[Dataset entries]
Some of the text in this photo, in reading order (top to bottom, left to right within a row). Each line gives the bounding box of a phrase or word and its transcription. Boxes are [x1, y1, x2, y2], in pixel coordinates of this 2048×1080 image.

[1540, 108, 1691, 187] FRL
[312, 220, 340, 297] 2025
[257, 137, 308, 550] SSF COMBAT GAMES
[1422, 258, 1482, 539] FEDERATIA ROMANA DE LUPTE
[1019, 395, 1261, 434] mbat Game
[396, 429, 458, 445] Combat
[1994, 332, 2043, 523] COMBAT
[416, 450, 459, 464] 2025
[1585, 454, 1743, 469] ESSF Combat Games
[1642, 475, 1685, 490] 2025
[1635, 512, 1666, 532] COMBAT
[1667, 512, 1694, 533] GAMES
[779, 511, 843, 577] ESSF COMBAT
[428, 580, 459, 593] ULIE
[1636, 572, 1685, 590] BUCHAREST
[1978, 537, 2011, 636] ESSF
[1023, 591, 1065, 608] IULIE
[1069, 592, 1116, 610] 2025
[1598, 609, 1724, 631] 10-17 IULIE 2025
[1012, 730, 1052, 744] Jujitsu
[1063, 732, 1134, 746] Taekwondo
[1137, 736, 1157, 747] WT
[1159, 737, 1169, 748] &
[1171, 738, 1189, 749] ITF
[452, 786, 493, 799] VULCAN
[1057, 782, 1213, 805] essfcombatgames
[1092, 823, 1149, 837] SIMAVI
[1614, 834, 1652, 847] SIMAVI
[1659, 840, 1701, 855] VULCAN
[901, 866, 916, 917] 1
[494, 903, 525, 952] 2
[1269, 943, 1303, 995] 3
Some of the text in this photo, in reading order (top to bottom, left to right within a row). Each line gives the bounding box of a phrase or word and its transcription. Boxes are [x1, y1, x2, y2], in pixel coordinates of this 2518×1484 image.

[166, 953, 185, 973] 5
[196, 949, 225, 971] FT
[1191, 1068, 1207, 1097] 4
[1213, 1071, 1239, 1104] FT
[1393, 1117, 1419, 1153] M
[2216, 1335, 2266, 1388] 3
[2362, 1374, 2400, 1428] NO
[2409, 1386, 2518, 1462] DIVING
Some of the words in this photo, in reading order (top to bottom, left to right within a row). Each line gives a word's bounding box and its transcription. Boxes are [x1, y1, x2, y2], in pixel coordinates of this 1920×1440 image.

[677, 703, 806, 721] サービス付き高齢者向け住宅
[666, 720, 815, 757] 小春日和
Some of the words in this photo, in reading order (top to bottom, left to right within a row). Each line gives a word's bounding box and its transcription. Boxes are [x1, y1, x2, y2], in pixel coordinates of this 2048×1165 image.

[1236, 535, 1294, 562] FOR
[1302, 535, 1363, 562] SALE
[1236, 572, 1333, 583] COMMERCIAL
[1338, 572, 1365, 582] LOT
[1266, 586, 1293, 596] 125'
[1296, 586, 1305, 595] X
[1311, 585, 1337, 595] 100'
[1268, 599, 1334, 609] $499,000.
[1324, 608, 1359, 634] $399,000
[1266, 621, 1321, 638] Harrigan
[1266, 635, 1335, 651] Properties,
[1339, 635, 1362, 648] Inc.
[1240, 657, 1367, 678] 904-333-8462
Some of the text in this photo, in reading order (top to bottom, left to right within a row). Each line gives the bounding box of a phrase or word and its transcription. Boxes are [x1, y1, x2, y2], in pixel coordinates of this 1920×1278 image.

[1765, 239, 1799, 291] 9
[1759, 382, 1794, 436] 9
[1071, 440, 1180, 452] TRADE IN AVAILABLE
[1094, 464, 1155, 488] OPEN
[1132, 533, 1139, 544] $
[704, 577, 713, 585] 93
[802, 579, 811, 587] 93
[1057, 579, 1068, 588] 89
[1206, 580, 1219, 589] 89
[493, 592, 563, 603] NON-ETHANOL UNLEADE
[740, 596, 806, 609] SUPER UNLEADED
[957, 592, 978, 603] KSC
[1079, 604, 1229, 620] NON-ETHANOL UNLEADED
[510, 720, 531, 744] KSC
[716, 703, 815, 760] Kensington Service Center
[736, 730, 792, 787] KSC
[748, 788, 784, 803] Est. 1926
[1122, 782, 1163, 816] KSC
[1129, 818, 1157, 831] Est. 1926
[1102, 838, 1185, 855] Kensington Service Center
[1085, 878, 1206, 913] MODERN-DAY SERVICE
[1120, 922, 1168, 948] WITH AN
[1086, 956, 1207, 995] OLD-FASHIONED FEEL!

#### YOUR ASSIGNMENT:
Go through the data above and transcribe every entry exactly.

#### WRITTEN SOLUTION:
Some of the text in this photo, in reading order (top to bottom, left to right within a row). Each line gives the bounding box of a phrase or word and its transcription. Boxes are [x1, y1, x2, y2], in pixel coordinates of this 2048×1080 image.

[1540, 108, 1691, 187] FRL
[312, 220, 340, 297] 2025
[257, 137, 308, 550] SSF COMBAT GAMES
[1422, 258, 1482, 539] FEDERATIA ROMANA DE LUPTE
[1019, 395, 1261, 434] mbat Game
[396, 429, 458, 445] Combat
[1994, 332, 2043, 523] COMBAT
[416, 450, 459, 464] 2025
[1585, 454, 1743, 469] ESSF Combat Games
[1642, 475, 1685, 490] 2025
[1635, 512, 1666, 532] COMBAT
[1667, 512, 1694, 533] GAMES
[779, 511, 843, 577] ESSF COMBAT
[428, 580, 459, 593] ULIE
[1636, 572, 1685, 590] BUCHAREST
[1978, 537, 2011, 636] ESSF
[1023, 591, 1065, 608] IULIE
[1069, 592, 1116, 610] 2025
[1598, 609, 1724, 631] 10-17 IULIE 2025
[1012, 730, 1052, 744] Jujitsu
[1063, 732, 1134, 746] Taekwondo
[1137, 736, 1157, 747] WT
[1159, 737, 1169, 748] &
[1171, 738, 1189, 749] ITF
[452, 786, 493, 799] VULCAN
[1057, 782, 1213, 805] essfcombatgames
[1092, 823, 1149, 837] SIMAVI
[1614, 834, 1652, 847] SIMAVI
[1659, 840, 1701, 855] VULCAN
[901, 866, 916, 917] 1
[494, 903, 525, 952] 2
[1269, 943, 1303, 995] 3
Some of the text in this photo, in reading order (top to bottom, left to right within a row). Each line gives the bounding box of a phrase or word and its transcription. Boxes are [x1, y1, x2, y2], in pixel coordinates of this 2518×1484 image.

[166, 953, 185, 973] 5
[196, 949, 225, 971] FT
[1191, 1068, 1207, 1097] 4
[1213, 1071, 1239, 1104] FT
[1393, 1117, 1419, 1153] M
[2216, 1335, 2266, 1388] 3
[2362, 1374, 2400, 1428] NO
[2409, 1386, 2518, 1462] DIVING
Some of the words in this photo, in reading order (top to bottom, left to right within a row). Each line gives a word's bounding box and its transcription. Boxes are [x1, y1, x2, y2], in pixel coordinates of this 1920×1440 image.

[677, 703, 806, 721] サービス付き高齢者向け住宅
[666, 720, 815, 757] 小春日和
Some of the words in this photo, in reading order (top to bottom, left to right within a row). Each line gives a word's bounding box and its transcription. Boxes are [x1, y1, x2, y2], in pixel coordinates of this 2048×1165 image.

[1236, 535, 1294, 562] FOR
[1302, 535, 1363, 562] SALE
[1236, 572, 1333, 583] COMMERCIAL
[1338, 572, 1365, 582] LOT
[1266, 586, 1293, 596] 125'
[1296, 586, 1305, 595] X
[1311, 585, 1337, 595] 100'
[1268, 599, 1334, 609] $499,000.
[1324, 608, 1359, 634] $399,000
[1266, 621, 1321, 638] Harrigan
[1266, 635, 1335, 651] Properties,
[1339, 635, 1362, 648] Inc.
[1240, 657, 1367, 678] 904-333-8462
Some of the text in this photo, in reading order (top to bottom, left to right within a row). Each line gives the bounding box of a phrase or word and its transcription. Boxes are [x1, y1, x2, y2], in pixel coordinates of this 1920×1278 image.

[1765, 239, 1799, 291] 9
[1759, 382, 1794, 436] 9
[1071, 440, 1180, 452] TRADE IN AVAILABLE
[1094, 464, 1155, 488] OPEN
[1132, 533, 1139, 544] $
[704, 577, 713, 585] 93
[802, 579, 811, 587] 93
[1057, 579, 1068, 588] 89
[1206, 580, 1219, 589] 89
[493, 592, 563, 603] NON-ETHANOL UNLEADE
[740, 596, 806, 609] SUPER UNLEADED
[957, 592, 978, 603] KSC
[1079, 604, 1229, 620] NON-ETHANOL UNLEADED
[510, 720, 531, 744] KSC
[716, 703, 815, 760] Kensington Service Center
[736, 730, 792, 787] KSC
[748, 788, 784, 803] Est. 1926
[1122, 782, 1163, 816] KSC
[1129, 818, 1157, 831] Est. 1926
[1102, 838, 1185, 855] Kensington Service Center
[1085, 878, 1206, 913] MODERN-DAY SERVICE
[1120, 922, 1168, 948] WITH AN
[1086, 956, 1207, 995] OLD-FASHIONED FEEL!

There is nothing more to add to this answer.